The team carried out a retrospective matched cohort study using data from a centralized registry covering patients evaluated by neuro-ophthalmologists at an academic institution between December 2017 and November 2023.
The study involved 16,827 patients with no history of NAION. Among them, 710 had type 2 diabetes (T2D) and 979 were overweight or obese. Within these groups, patients were prescribed either semaglutide or non–glucagon-like peptide receptor agonist (GLP-1 RA) medications for managing their conditions.
“The study found people with diabetes who had been prescribed semaglutide by their physician and then filled the prescription were more than four times more likely to be diagnosed with NAION,” the authors wrote in a press release, adding, “Those who were overweight or obese and were prescribed this drug were more than seven times more likely to get the diagnosis.”
In the group of patients with Type-2 diabetes, there were 17 occurrences of NAION in those prescribed semaglutide, compared to 6 cases in those prescribed non–GLP-1 RA anti-diabetic medications.
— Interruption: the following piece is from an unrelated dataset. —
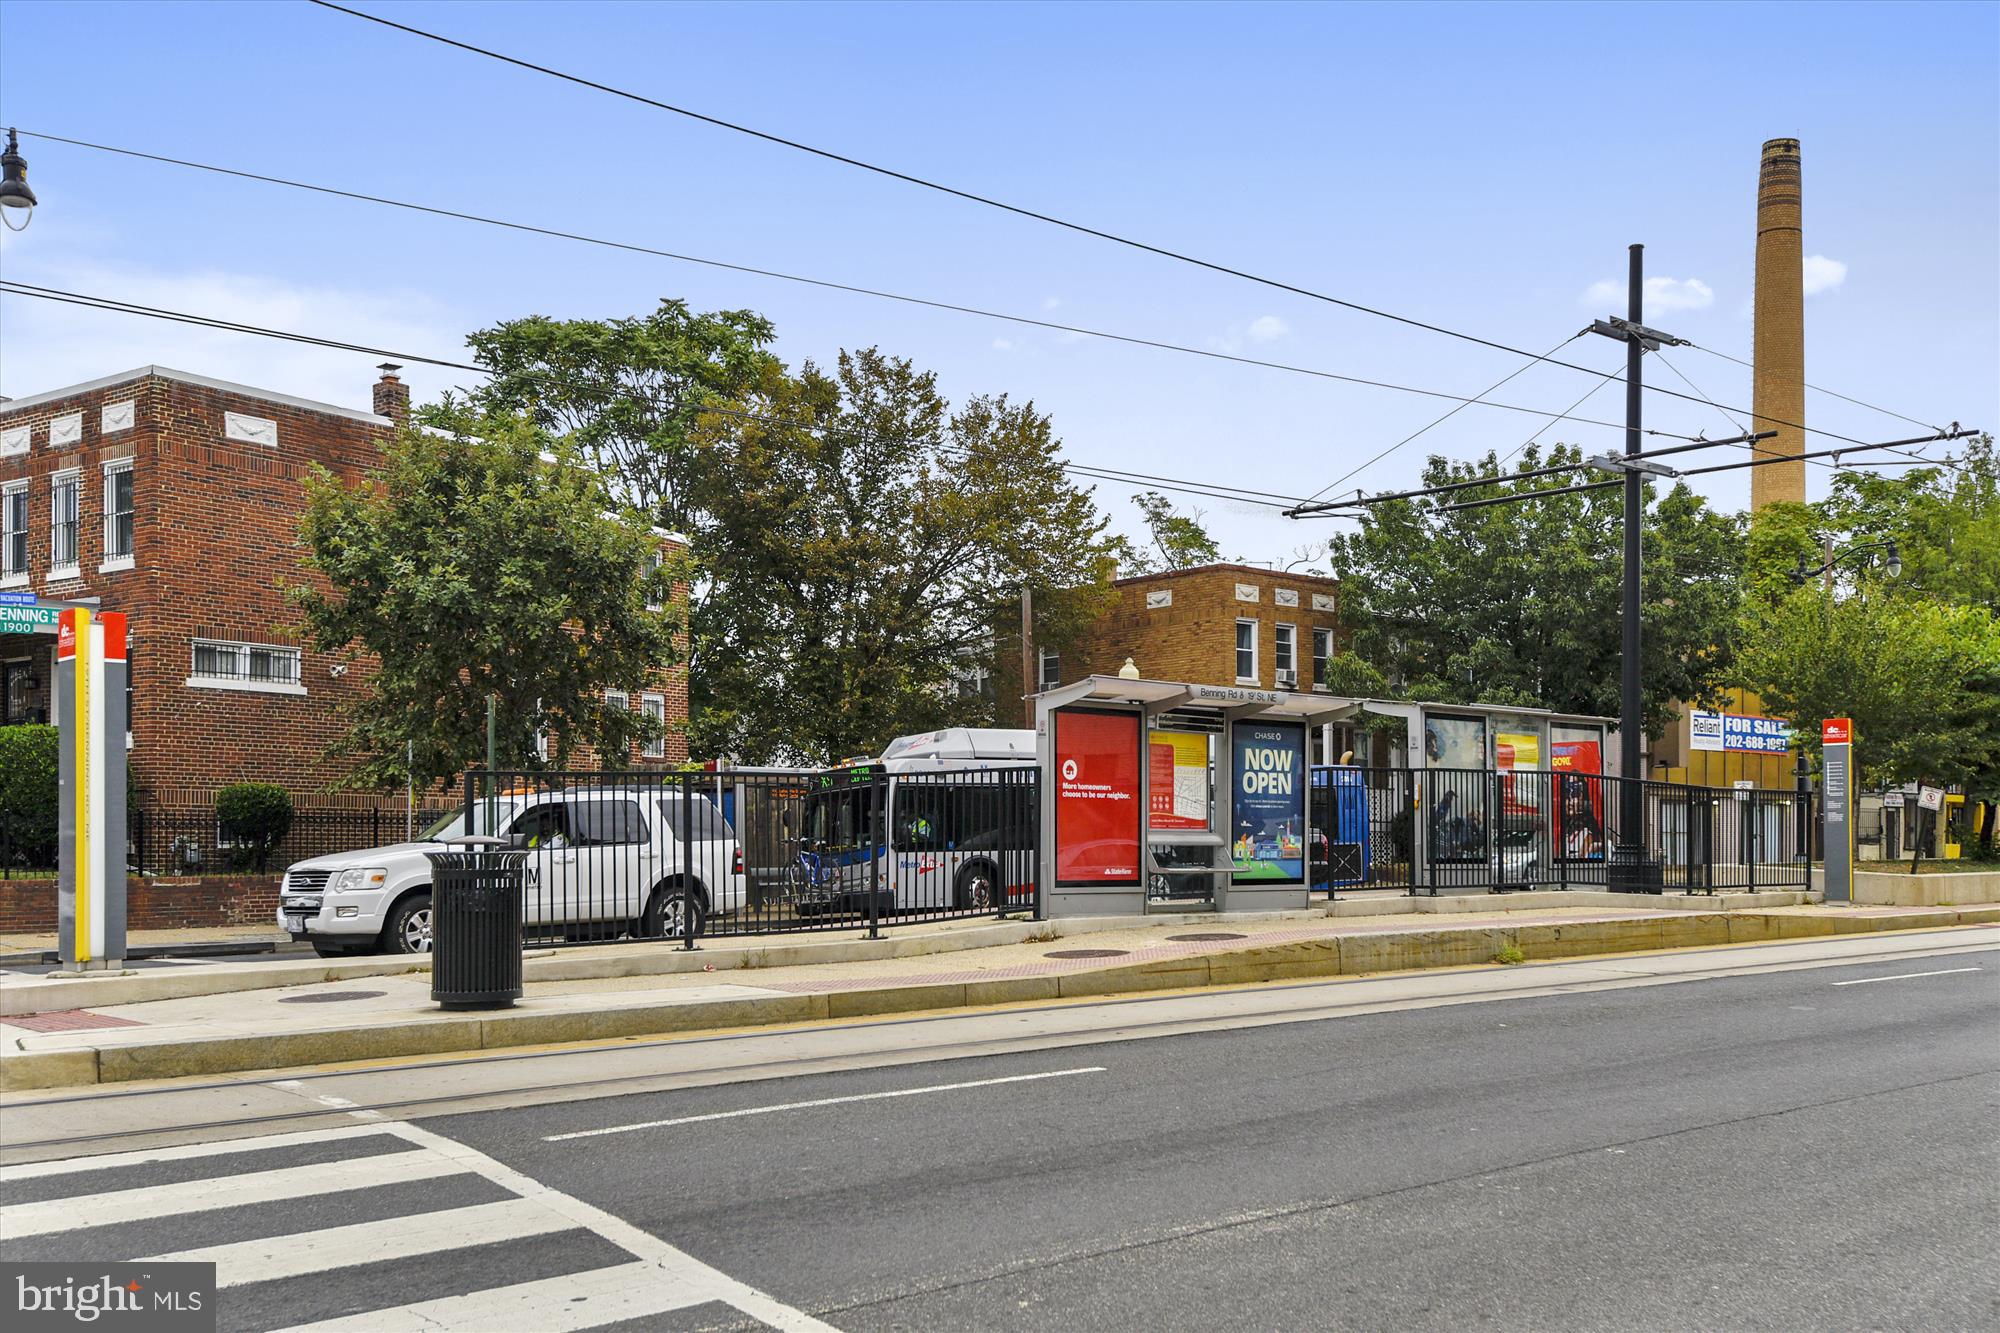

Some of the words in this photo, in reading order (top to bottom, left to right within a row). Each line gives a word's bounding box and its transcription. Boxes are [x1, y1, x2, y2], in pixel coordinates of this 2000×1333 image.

Over a period of 36 months, the cumulative incidence of NAION was 8.9% in the semaglutide group and 1.8% in the non–GLP-1 RA group.
Among obese patients, 20 cases of NAION were observed in the semaglutide group, while only 3 cases occurred in the non–GLP-1 RA group. The cumulative incidence of NAION over 36 months was 6.7% for those on semaglutide and 0.8% for those on non–GLP-1 RA medications.
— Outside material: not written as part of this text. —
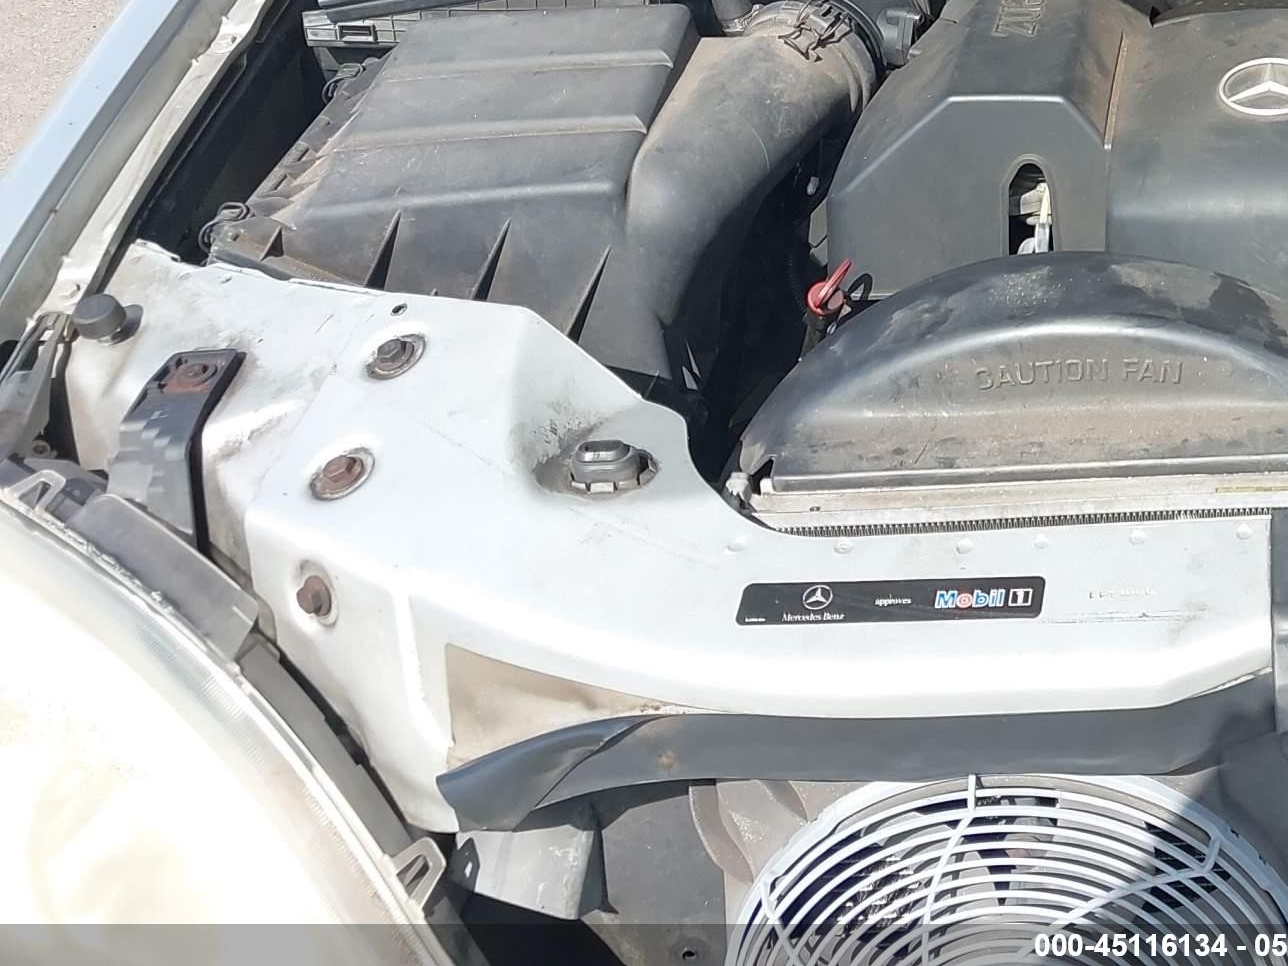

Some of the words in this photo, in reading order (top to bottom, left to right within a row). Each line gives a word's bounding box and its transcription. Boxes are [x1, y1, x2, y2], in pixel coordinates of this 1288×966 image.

Ozempic and Wegovy are medications containing synthesized peptides derived from the venom of Gila Monster reptiles.
This venom contains a compound that can regulate hunger similar to a hormone naturally produced in human intestines. However, the lizard-derived version has a longer-lasting effect targeting the Vagus nerve.
While these medications have introduced a new category of treatments for obesity and diabetes, they also disrupt organ systems.
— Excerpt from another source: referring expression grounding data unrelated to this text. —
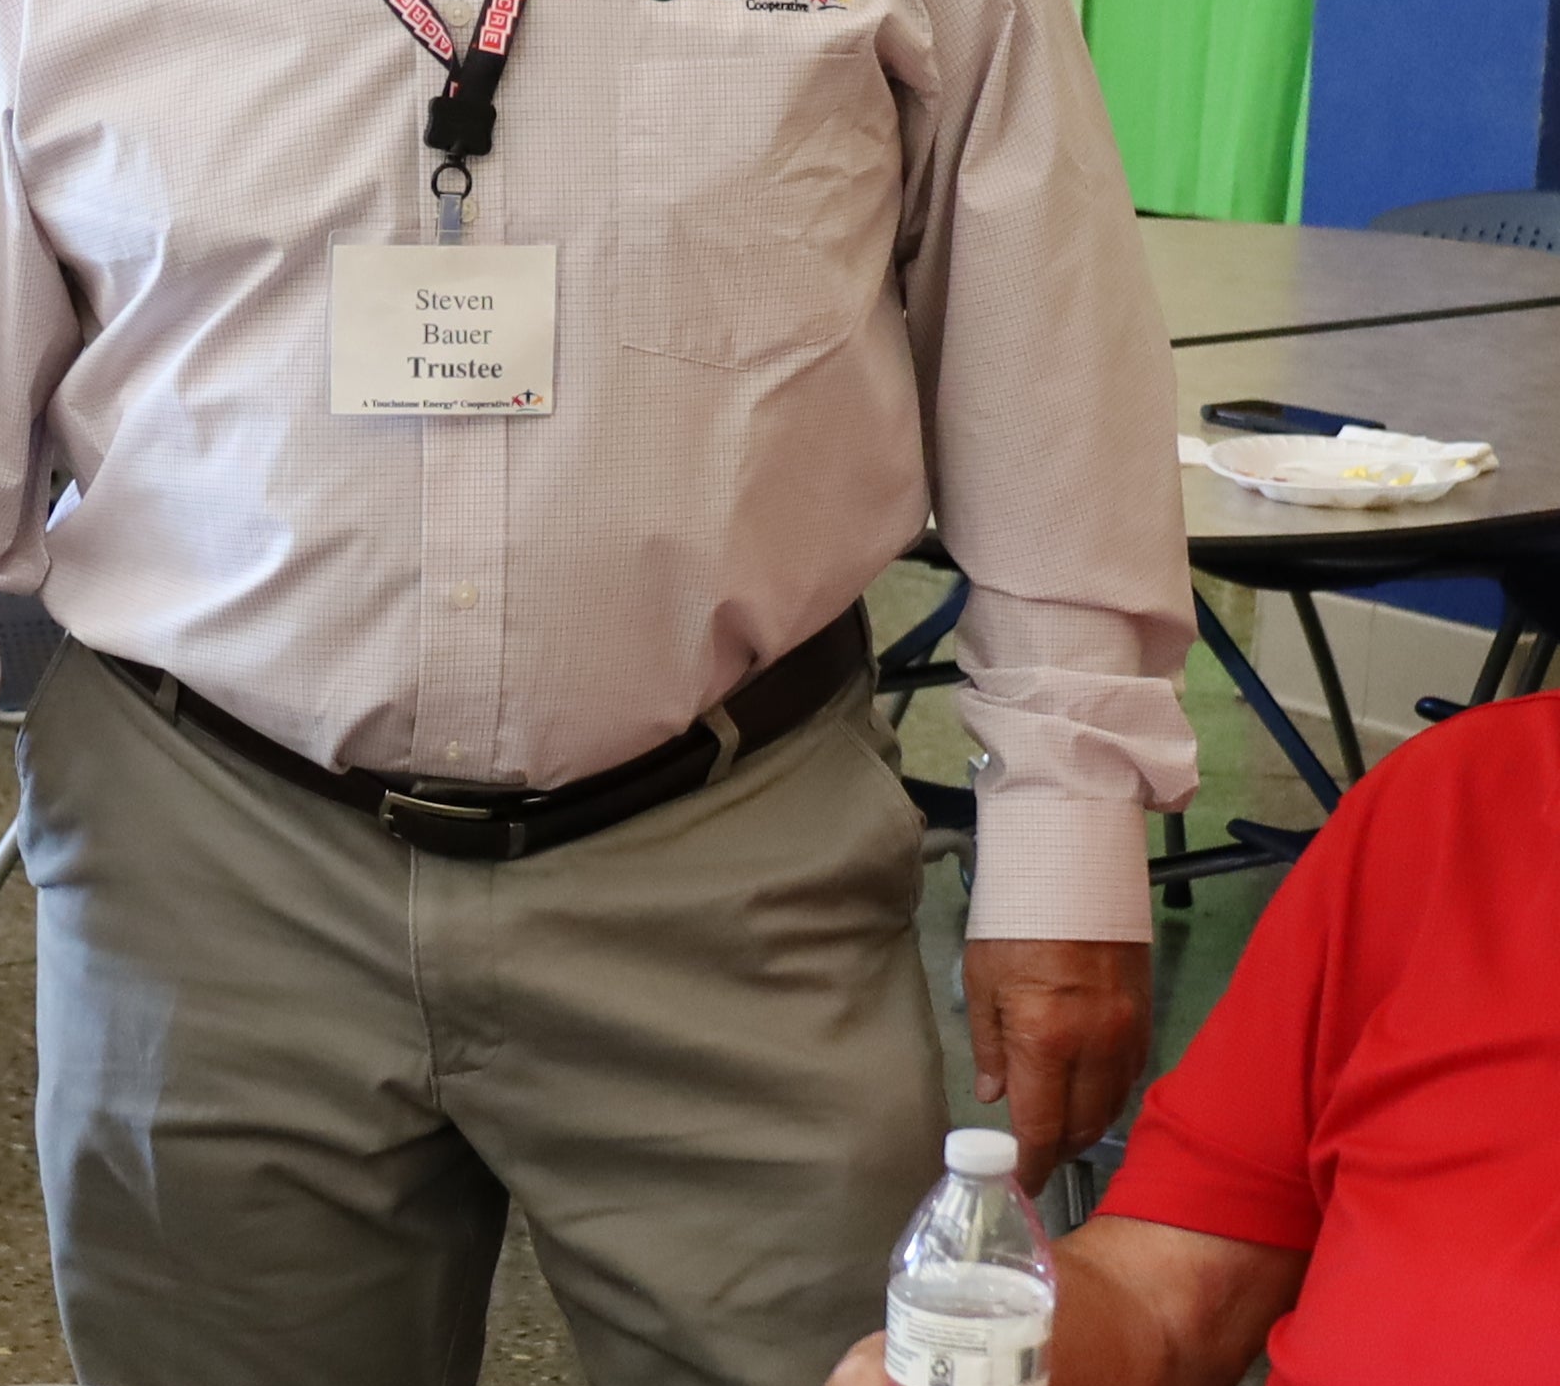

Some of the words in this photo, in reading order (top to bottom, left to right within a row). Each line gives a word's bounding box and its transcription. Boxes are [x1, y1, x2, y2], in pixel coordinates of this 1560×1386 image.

[746, 0, 809, 12] Cooperative
[415, 288, 494, 311] Steven
[423, 323, 492, 345] Bauer
[407, 356, 503, 379] Trustee
[371, 399, 420, 408] Touchstone
[460, 399, 511, 410] Cooperative
The drug functions by disrupting hunger signals from the brain to the digestive system and primarily achieves weight loss by affecting the function of the Vagus nerve. As this nerve is vital for various bodily functions such as digestion, circulation, respiration, cognitive function, and more, extensive influence over it raises concerns about potential organ damage throughout the body.
Negative effects on the eyes have been identified by researchers, but it is likely that damage will be documented across entire organ systems in a manner resembling systemic effects seen in victims of venomous snake bites due to continued disruption of the Vagus nerve.
Accumulation of venom doses from prolonged use may lead to significant harm over time. The drug’s already listed side effects correspond with potential failure in crucial systems such as digestion, heart rate regulation and immune function.
This suggests that blindness may only be an initial outcome among even worse potential effects. With millions already taking these drugs in the U.S., there is concern over an increase in organ damage cases in the future years.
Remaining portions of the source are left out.